:: WHAT TO DO ::
Carry none of the pictures over; write out the complete data exactly.

(Saved data entries)
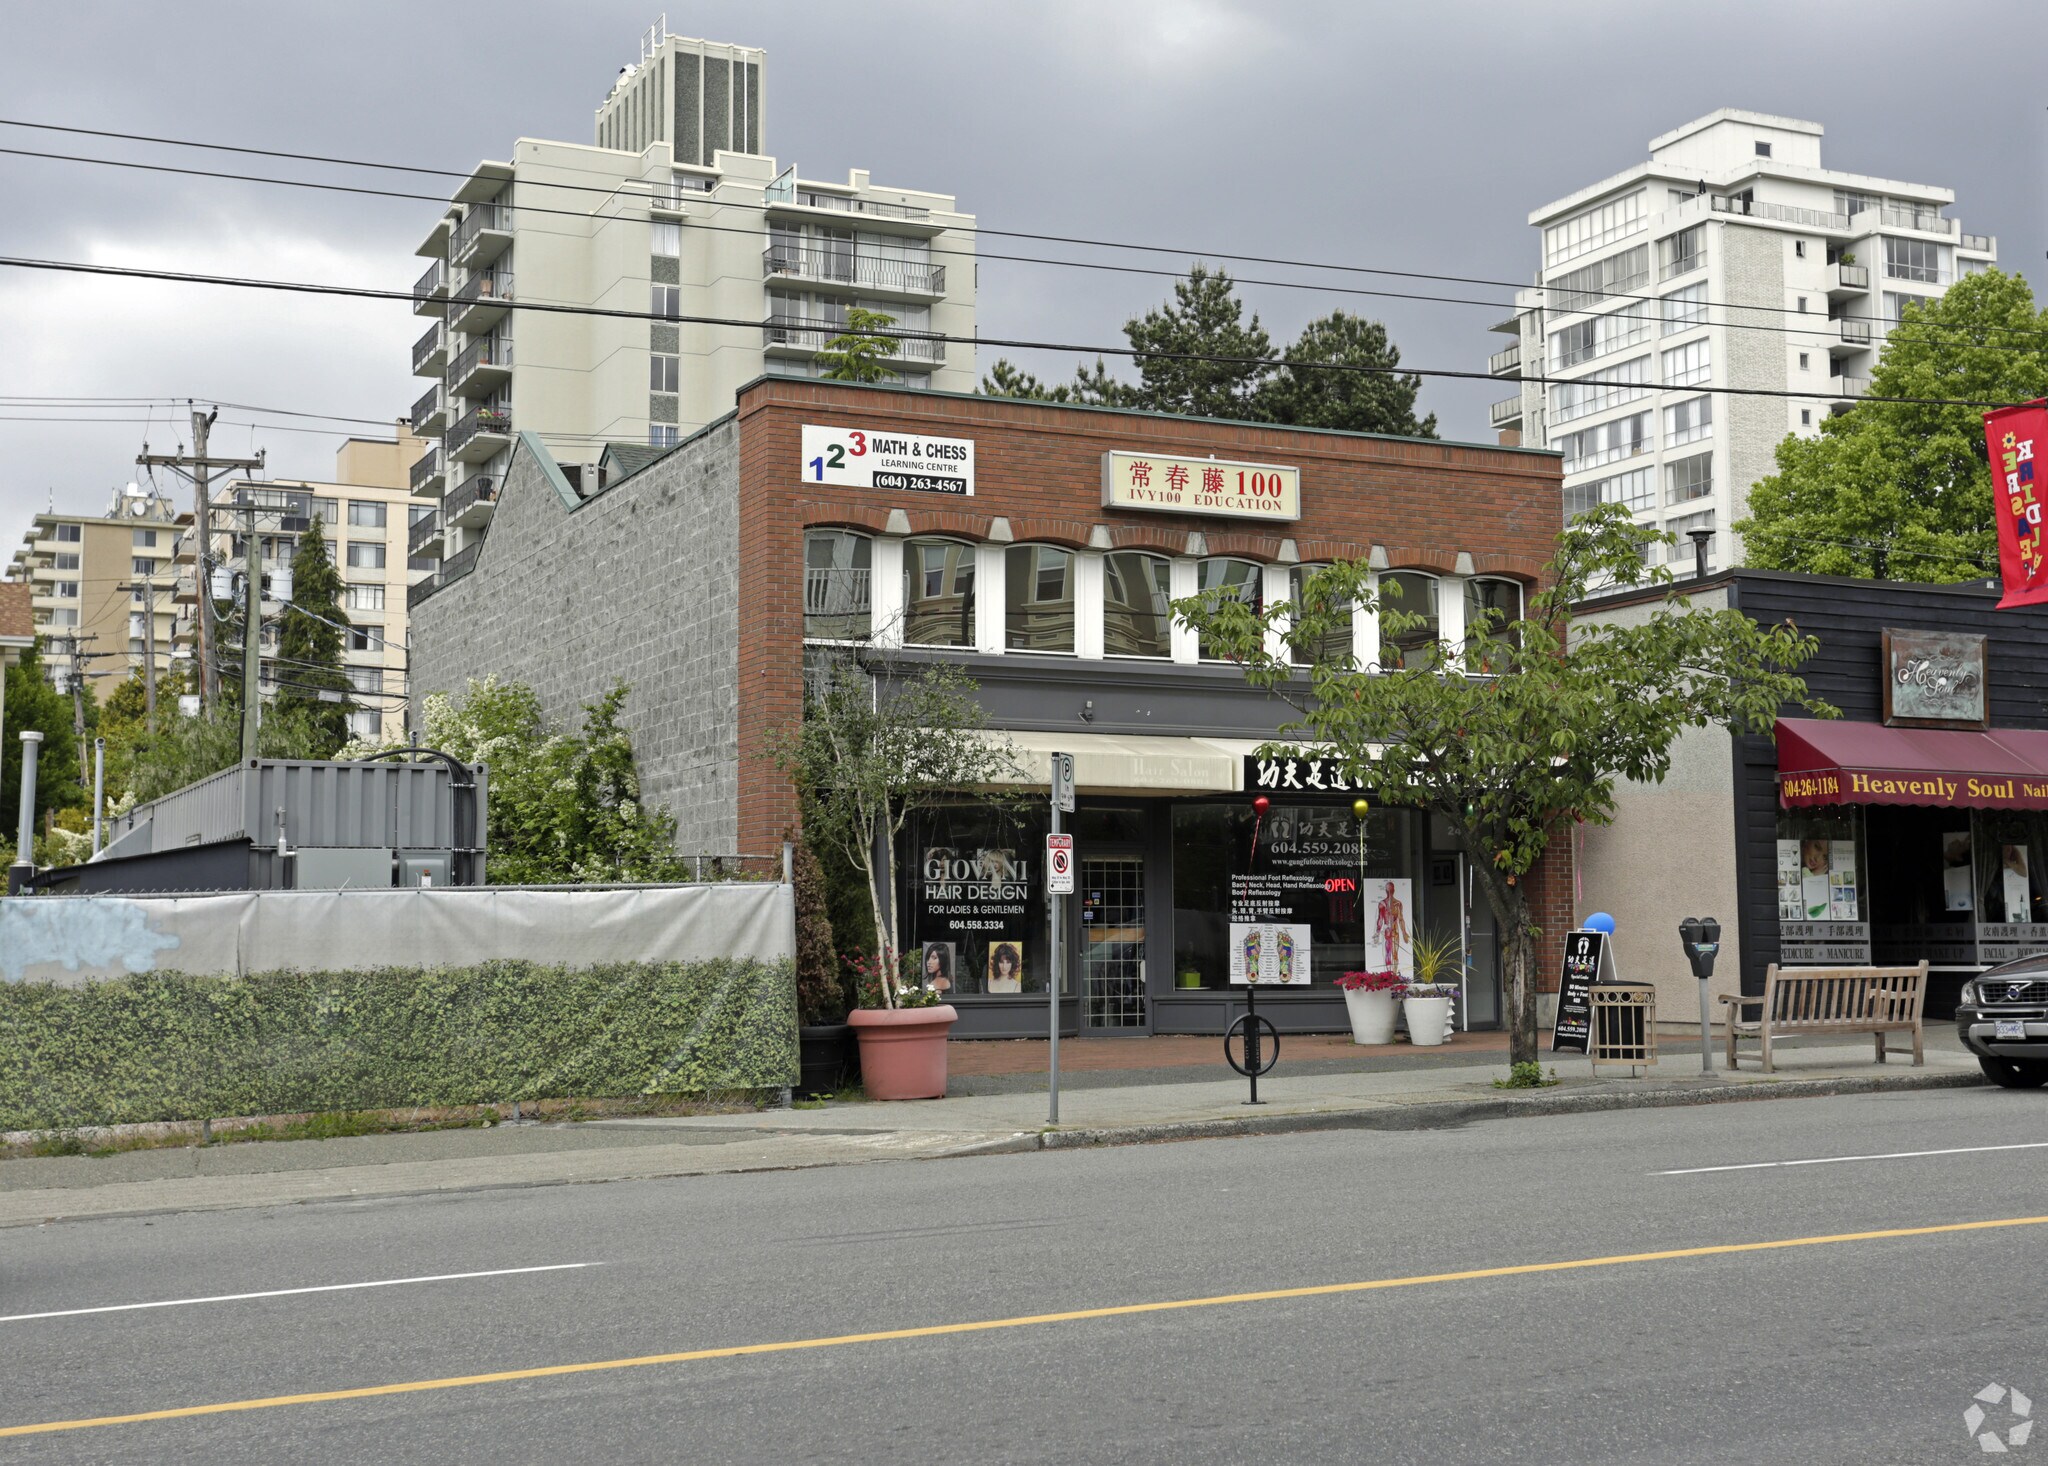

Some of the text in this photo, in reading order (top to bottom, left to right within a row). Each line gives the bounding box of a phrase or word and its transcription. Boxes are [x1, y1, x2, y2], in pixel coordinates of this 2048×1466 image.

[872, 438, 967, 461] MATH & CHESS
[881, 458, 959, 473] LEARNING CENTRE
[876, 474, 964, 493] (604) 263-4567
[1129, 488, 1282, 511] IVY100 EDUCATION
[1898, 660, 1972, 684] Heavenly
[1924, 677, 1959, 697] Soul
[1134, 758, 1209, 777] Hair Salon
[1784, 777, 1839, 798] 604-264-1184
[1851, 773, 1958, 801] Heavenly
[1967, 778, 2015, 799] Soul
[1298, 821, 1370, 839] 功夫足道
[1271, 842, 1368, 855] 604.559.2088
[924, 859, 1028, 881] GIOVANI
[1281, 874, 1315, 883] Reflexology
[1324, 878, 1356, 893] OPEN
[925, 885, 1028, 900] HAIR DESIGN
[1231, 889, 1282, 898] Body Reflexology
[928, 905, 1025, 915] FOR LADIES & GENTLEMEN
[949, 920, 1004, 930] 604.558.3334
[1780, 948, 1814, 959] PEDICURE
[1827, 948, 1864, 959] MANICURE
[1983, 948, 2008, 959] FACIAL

:: FINAL ANSWER ::
Some of the text in this photo, in reading order (top to bottom, left to right within a row). Each line gives the bounding box of a phrase or word and its transcription. Boxes are [x1, y1, x2, y2], in pixel coordinates of this 2048×1466 image.

[872, 438, 967, 461] MATH & CHESS
[881, 458, 959, 473] LEARNING CENTRE
[876, 474, 964, 493] (604) 263-4567
[1129, 488, 1282, 511] IVY100 EDUCATION
[1898, 660, 1972, 684] Heavenly
[1924, 677, 1959, 697] Soul
[1134, 758, 1209, 777] Hair Salon
[1784, 777, 1839, 798] 604-264-1184
[1851, 773, 1958, 801] Heavenly
[1967, 778, 2015, 799] Soul
[1298, 821, 1370, 839] 功夫足道
[1271, 842, 1368, 855] 604.559.2088
[924, 859, 1028, 881] GIOVANI
[1281, 874, 1315, 883] Reflexology
[1324, 878, 1356, 893] OPEN
[925, 885, 1028, 900] HAIR DESIGN
[1231, 889, 1282, 898] Body Reflexology
[928, 905, 1025, 915] FOR LADIES & GENTLEMEN
[949, 920, 1004, 930] 604.558.3334
[1780, 948, 1814, 959] PEDICURE
[1827, 948, 1864, 959] MANICURE
[1983, 948, 2008, 959] FACIAL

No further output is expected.